Work to complete: Each record should reappear exactly in your answer, minus any picture.

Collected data
###

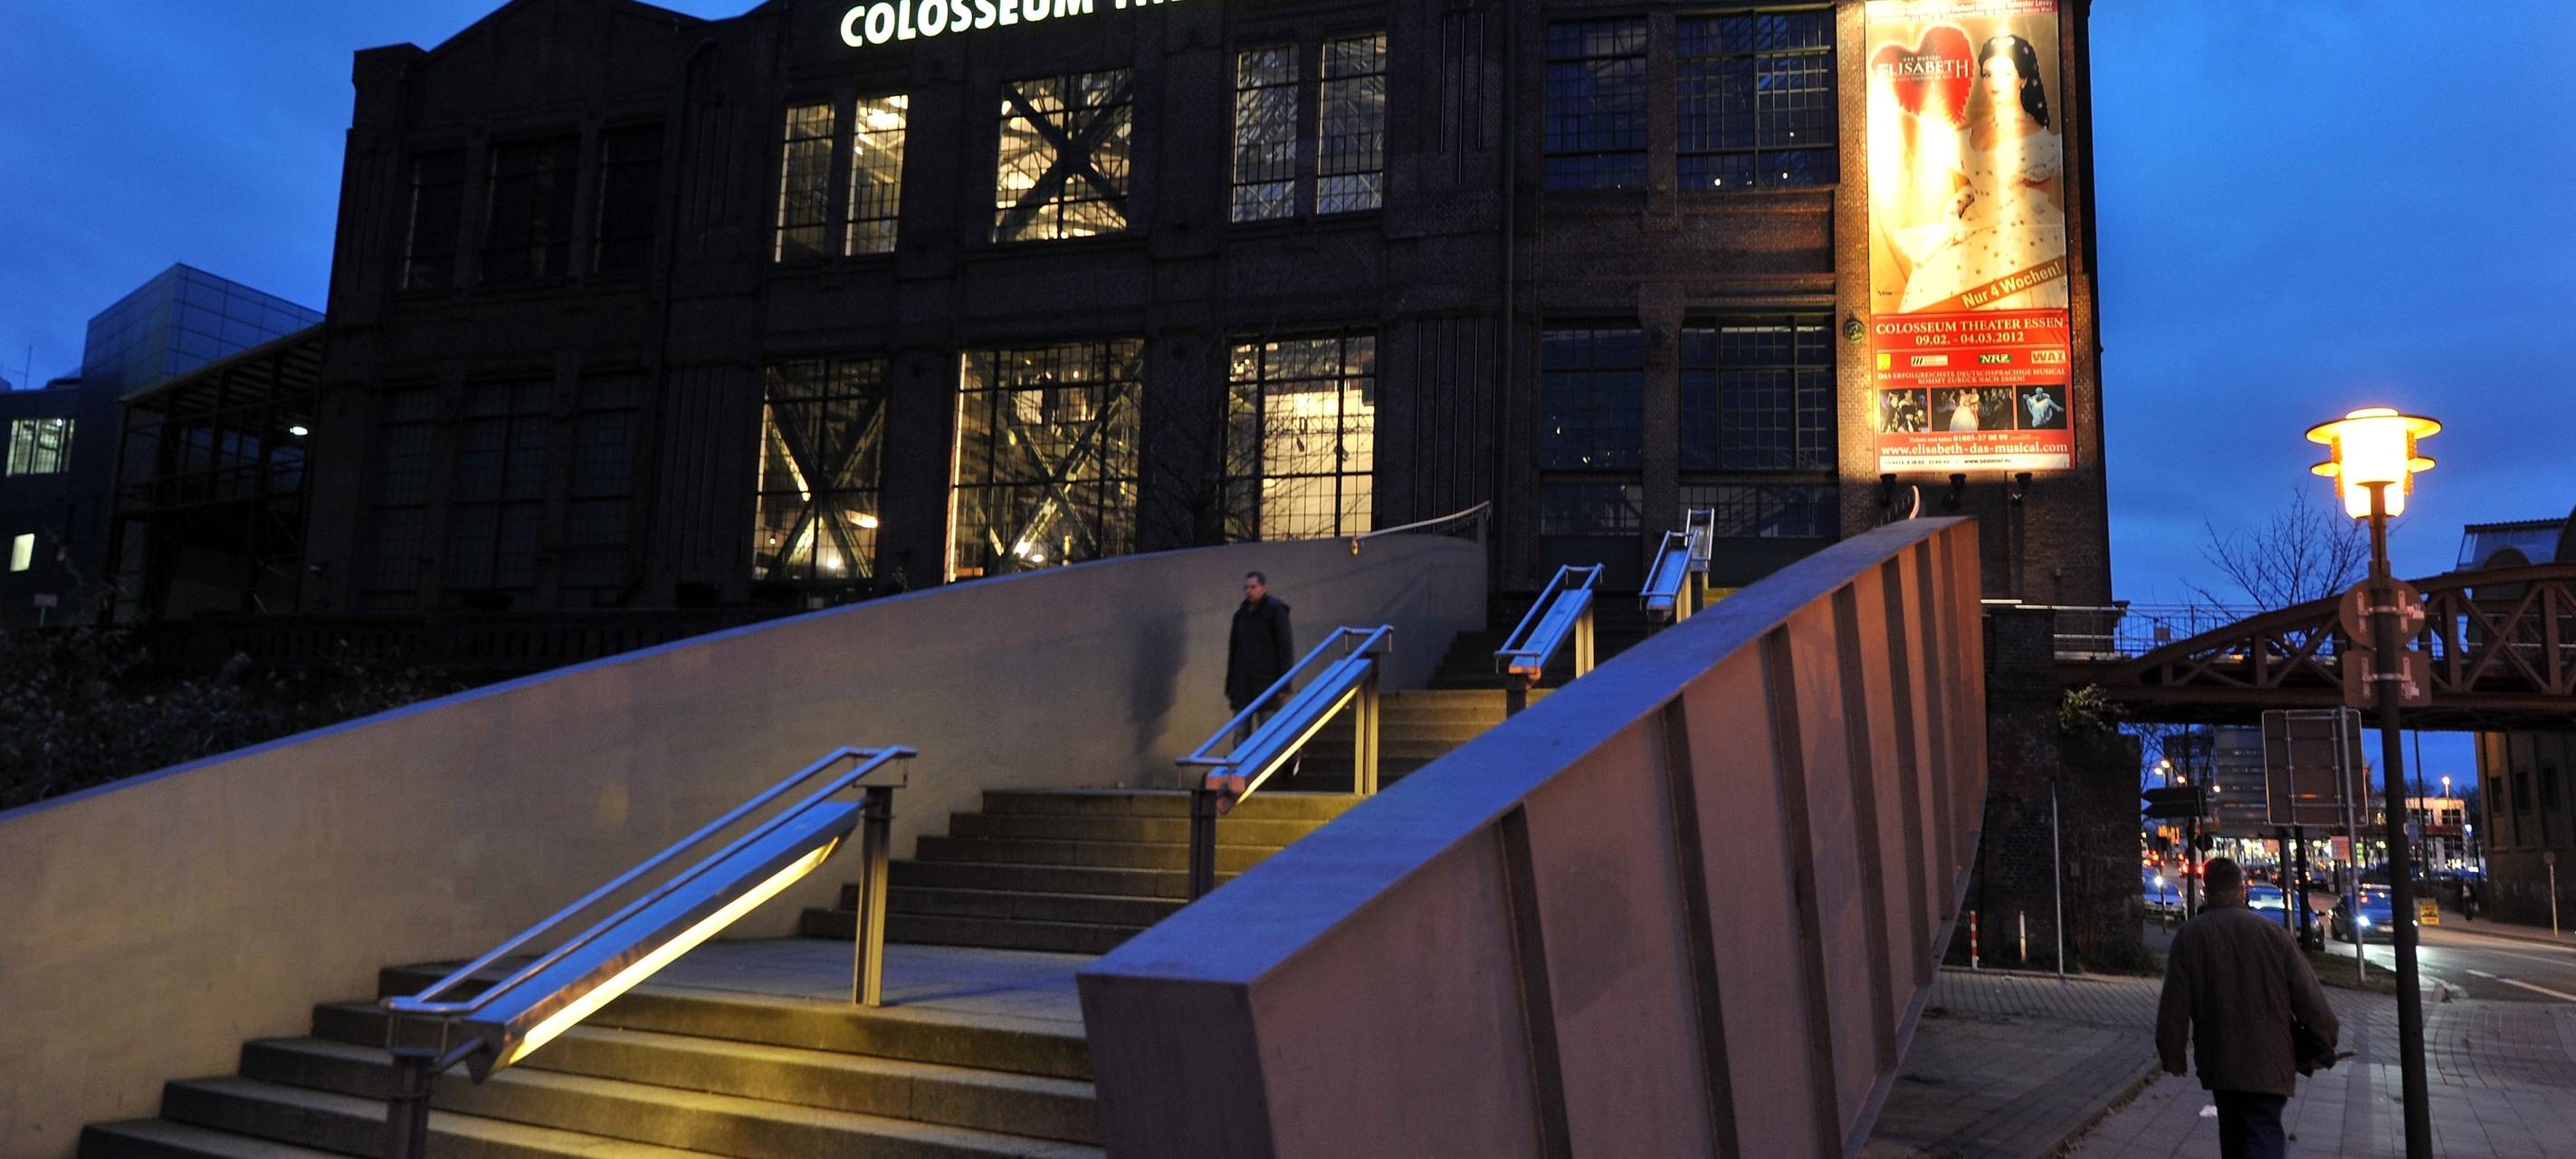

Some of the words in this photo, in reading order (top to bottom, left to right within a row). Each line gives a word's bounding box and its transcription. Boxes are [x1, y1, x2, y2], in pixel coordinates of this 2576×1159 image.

[1961, 291, 1989, 309] Nur
[1990, 284, 1999, 297] 4
[1999, 261, 2062, 293] Wochen!
[1875, 321, 1957, 334] COLOSSEUM
[1960, 318, 2021, 331] THEATER
[2024, 317, 2064, 329] ESSEN
[1915, 334, 1951, 345] 09.02.
[1961, 331, 2025, 344] 04.03.2012
[1980, 354, 2011, 363] NRZ
[2032, 368, 2065, 376] MUSICAL
[1881, 441, 2067, 455] www.elisabeth-das-musical.com

###

Output:
Some of the words in this photo, in reading order (top to bottom, left to right within a row). Each line gives a word's bounding box and its transcription. Boxes are [x1, y1, x2, y2], in pixel coordinates of this 2576×1159 image.

[1961, 291, 1989, 309] Nur
[1990, 284, 1999, 297] 4
[1999, 261, 2062, 293] Wochen!
[1875, 321, 1957, 334] COLOSSEUM
[1960, 318, 2021, 331] THEATER
[2024, 317, 2064, 329] ESSEN
[1915, 334, 1951, 345] 09.02.
[1961, 331, 2025, 344] 04.03.2012
[1980, 354, 2011, 363] NRZ
[2032, 368, 2065, 376] MUSICAL
[1881, 441, 2067, 455] www.elisabeth-das-musical.com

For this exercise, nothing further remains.